─── EXCERPTED RECORDS ───
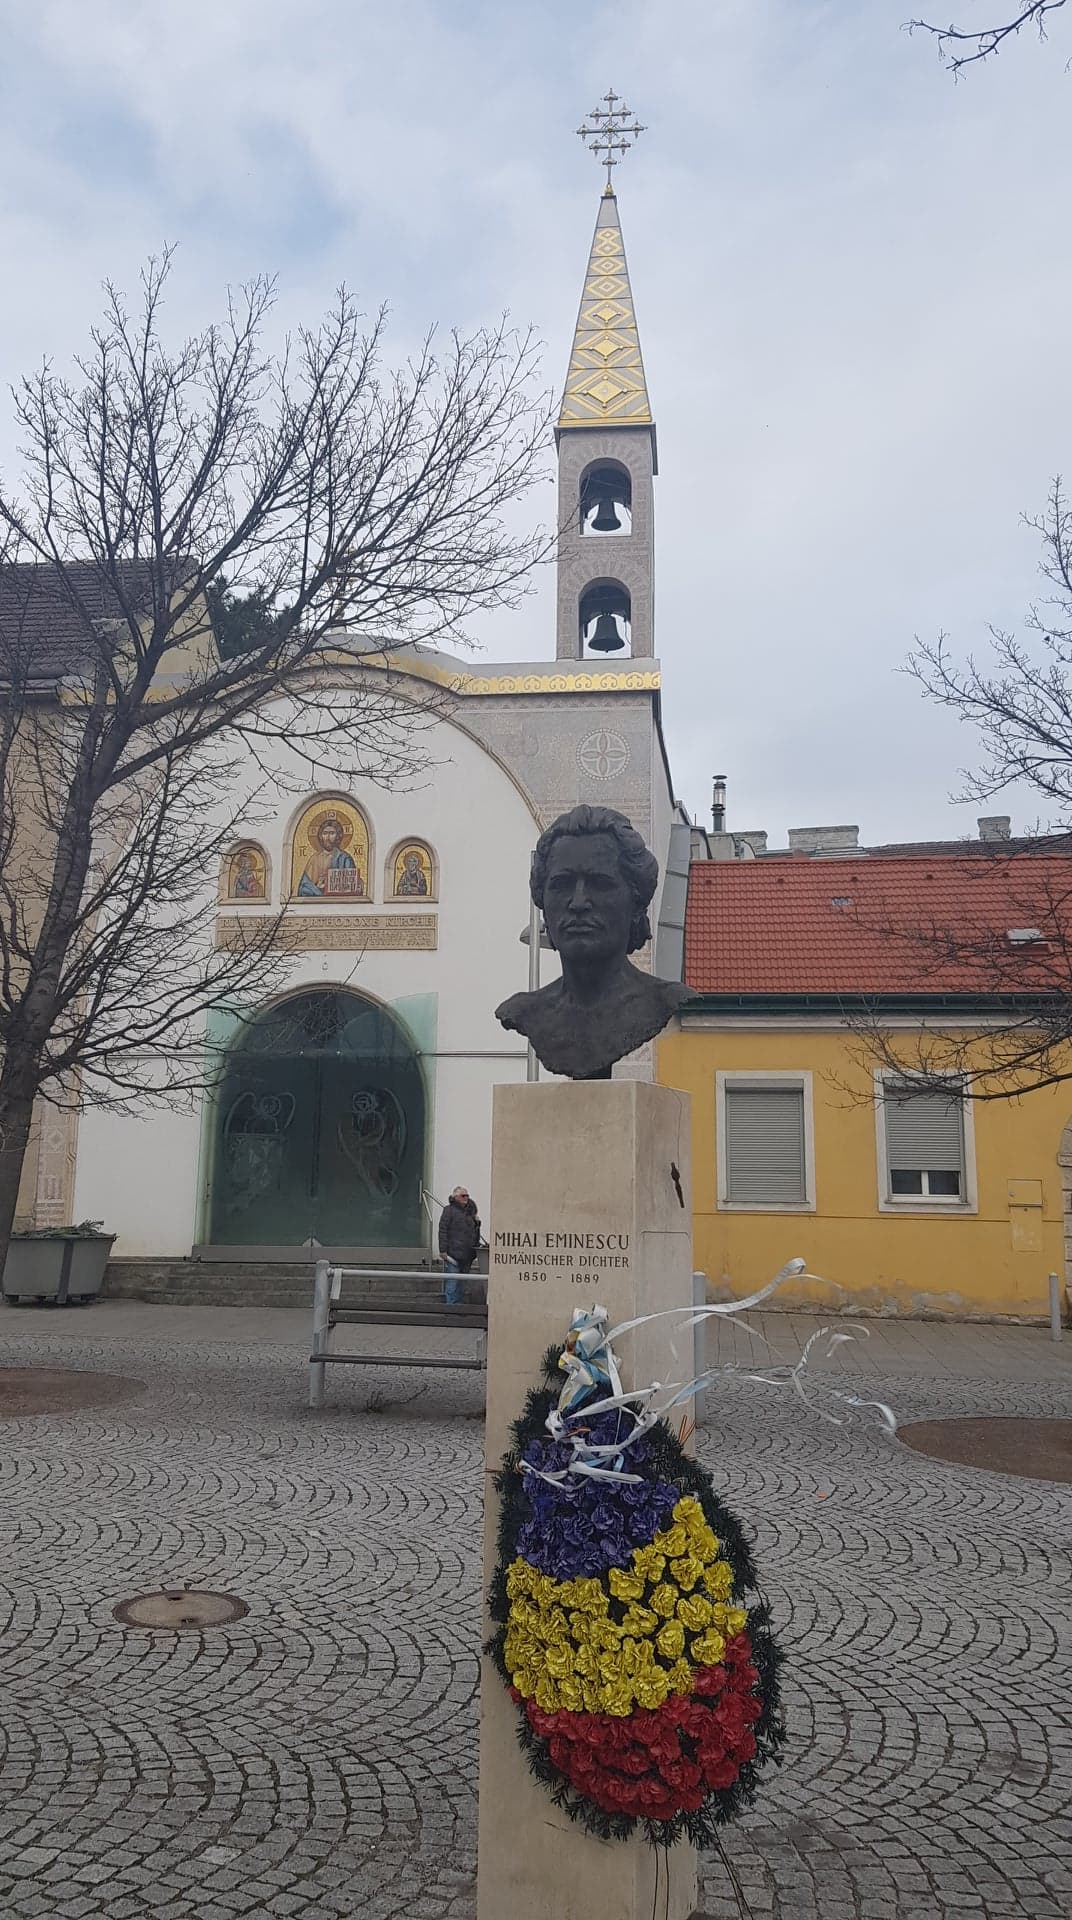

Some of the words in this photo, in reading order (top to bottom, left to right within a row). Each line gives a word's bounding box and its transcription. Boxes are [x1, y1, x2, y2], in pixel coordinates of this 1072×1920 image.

[385, 917, 433, 927] KIRCHE
[494, 1232, 537, 1247] MIHAI
[545, 1233, 630, 1250] EMINESCU
[494, 1251, 573, 1266] RUMÄNISCHER
[579, 1256, 629, 1268] DICHTER
[518, 1272, 547, 1282] 1850
[571, 1273, 599, 1284] 1889
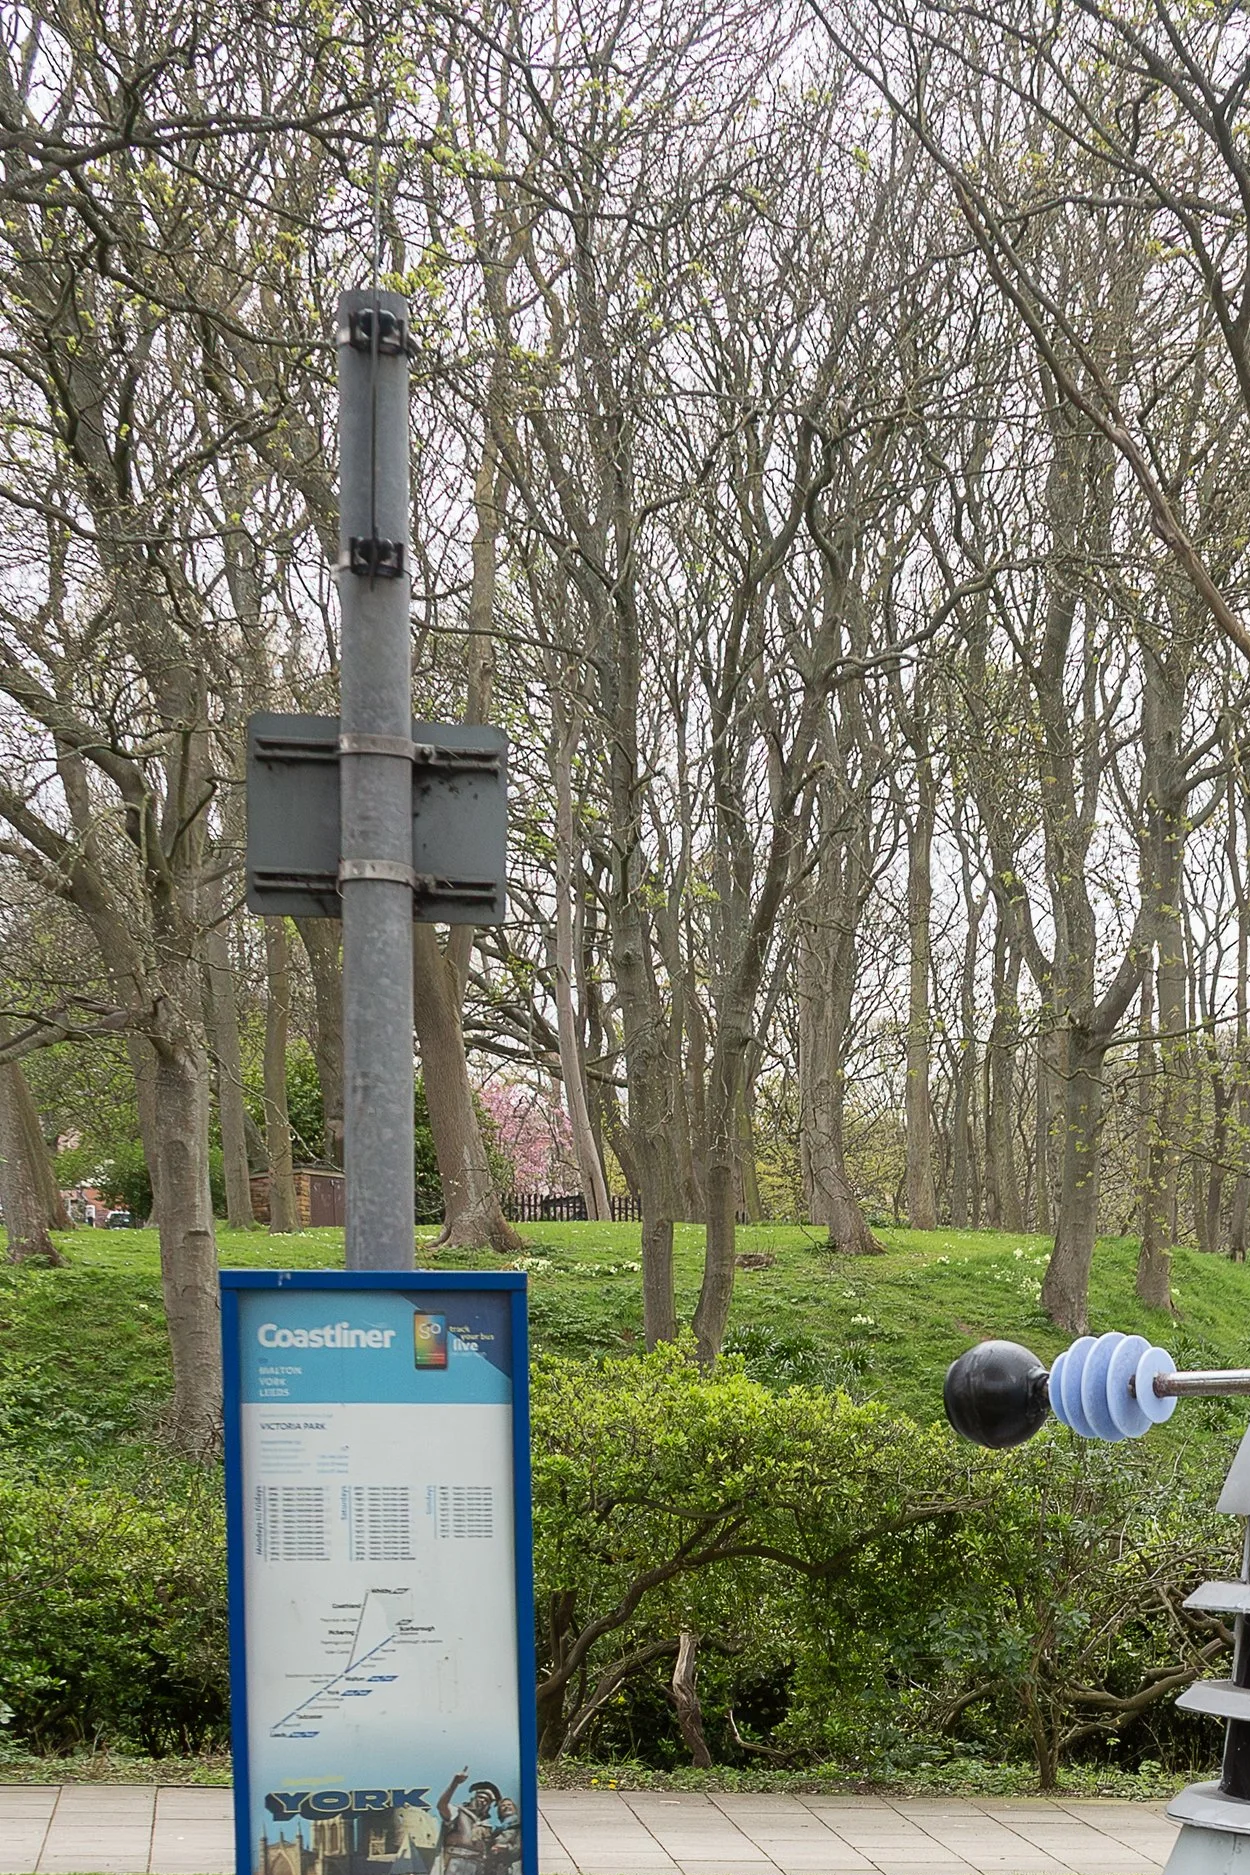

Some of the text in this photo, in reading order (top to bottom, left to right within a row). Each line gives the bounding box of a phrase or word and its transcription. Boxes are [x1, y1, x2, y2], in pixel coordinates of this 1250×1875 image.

[448, 1325, 470, 1333] track
[257, 1321, 397, 1349] Coastliner
[461, 1332, 495, 1341] your bus
[453, 1338, 479, 1351] live
[258, 1366, 303, 1375] MALTON
[258, 1377, 288, 1386] YORK
[259, 1388, 291, 1397] LEEDS
[260, 1422, 327, 1431] VICTORIA PARK
[266, 1788, 432, 1818] YORK
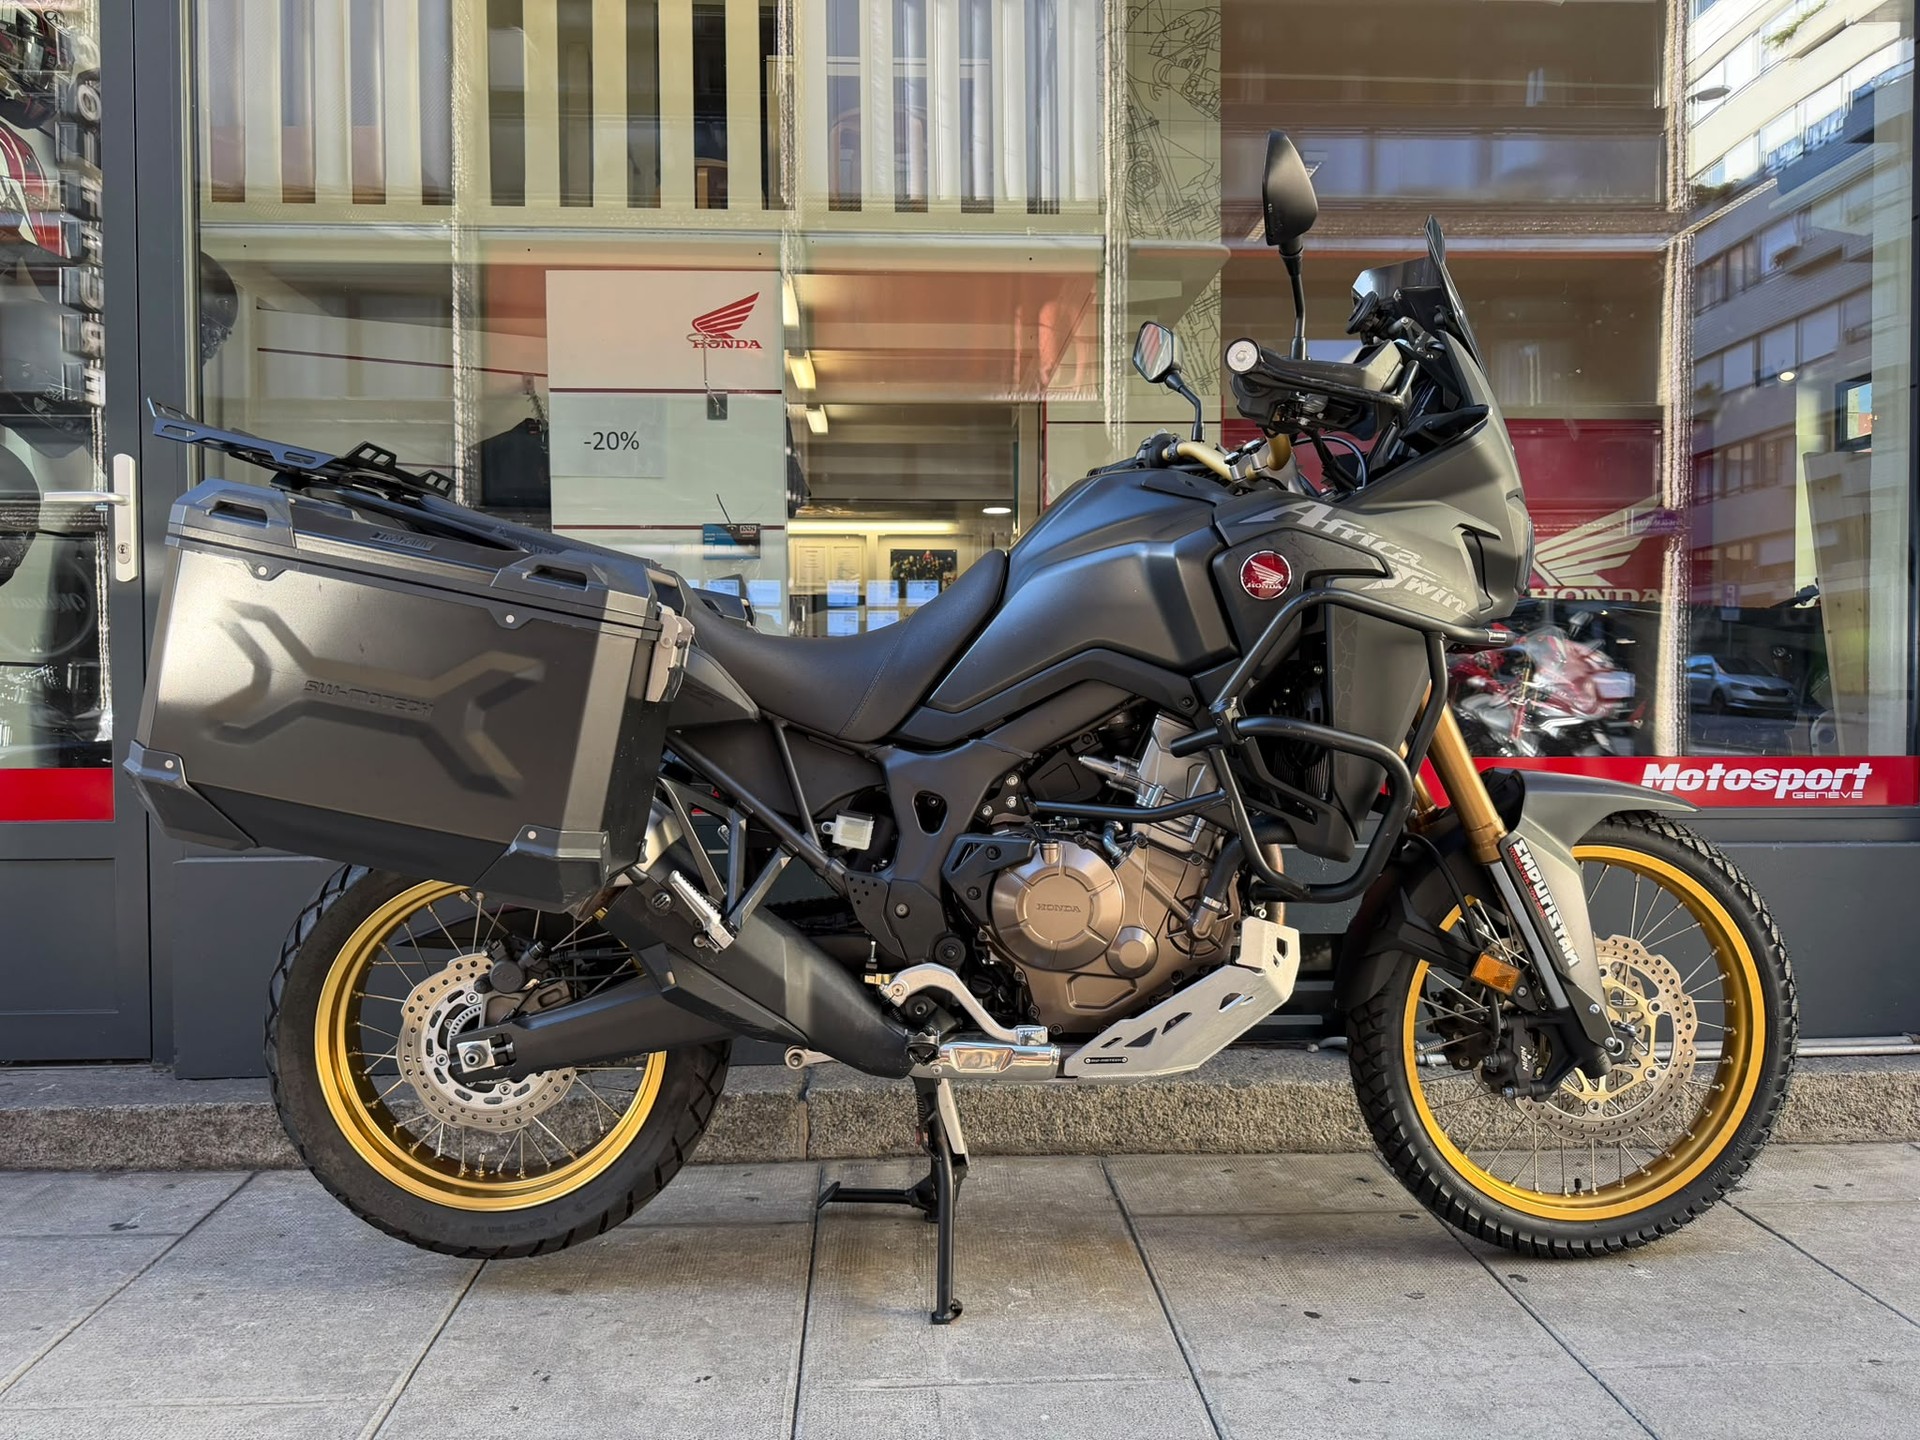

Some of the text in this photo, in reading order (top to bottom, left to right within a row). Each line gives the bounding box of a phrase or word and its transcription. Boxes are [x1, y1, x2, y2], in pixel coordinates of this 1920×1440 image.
───
EXERCISE AIM
Produce an exact copy of only those lines that run from the line with "this 1250×1875 image." to the final line of the records, including both; exclude images.

FINAL ANSWER
Some of the text in this photo, in reading order (top to bottom, left to right within a row). Each line gives the bounding box of a phrase or word and its transcription. Boxes are [x1, y1, x2, y2], in pixel coordinates of this 1250×1875 image.

[448, 1325, 470, 1333] track
[257, 1321, 397, 1349] Coastliner
[461, 1332, 495, 1341] your bus
[453, 1338, 479, 1351] live
[258, 1366, 303, 1375] MALTON
[258, 1377, 288, 1386] YORK
[259, 1388, 291, 1397] LEEDS
[260, 1422, 327, 1431] VICTORIA PARK
[266, 1788, 432, 1818] YORK

Some of the text in this photo, in reading order (top to bottom, left to right within a row). Each line gives the bounding box of a phrase or word and its transcription. Boxes are [x1, y1, x2, y2], in pixel coordinates of this 1920×1440 image.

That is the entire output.